Problem description: Restate the entries below exactly. Images are not part of the copy.

- Opening Delimiter -

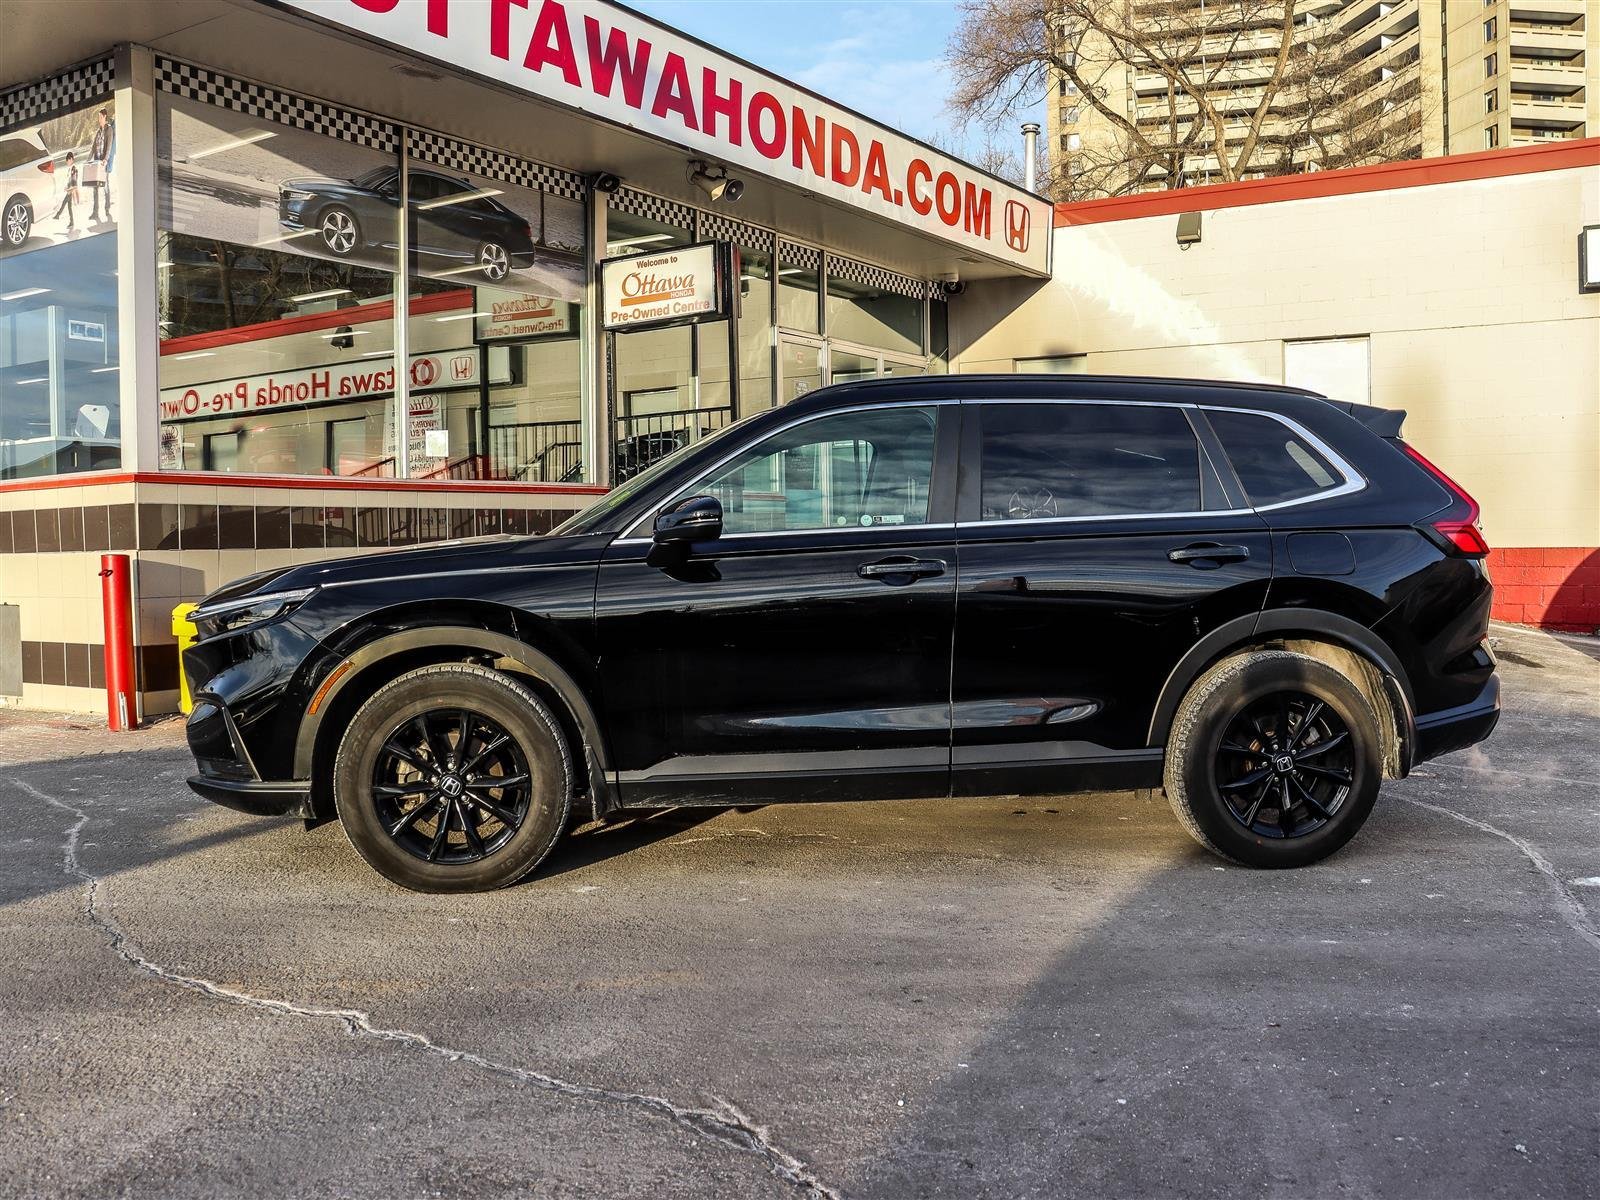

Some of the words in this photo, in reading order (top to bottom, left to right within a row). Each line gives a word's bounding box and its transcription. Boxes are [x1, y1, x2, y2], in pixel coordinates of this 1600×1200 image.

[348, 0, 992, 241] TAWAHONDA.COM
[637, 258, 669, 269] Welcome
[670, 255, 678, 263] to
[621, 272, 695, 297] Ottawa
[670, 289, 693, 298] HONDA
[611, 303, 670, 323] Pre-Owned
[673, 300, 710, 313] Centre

- Closing Delimiter -

Result of the task:
Some of the words in this photo, in reading order (top to bottom, left to right within a row). Each line gives a word's bounding box and its transcription. Boxes are [x1, y1, x2, y2], in pixel coordinates of this 1600×1200 image.

[348, 0, 992, 241] TAWAHONDA.COM
[637, 258, 669, 269] Welcome
[670, 255, 678, 263] to
[621, 272, 695, 297] Ottawa
[670, 289, 693, 298] HONDA
[611, 303, 670, 323] Pre-Owned
[673, 300, 710, 313] Centre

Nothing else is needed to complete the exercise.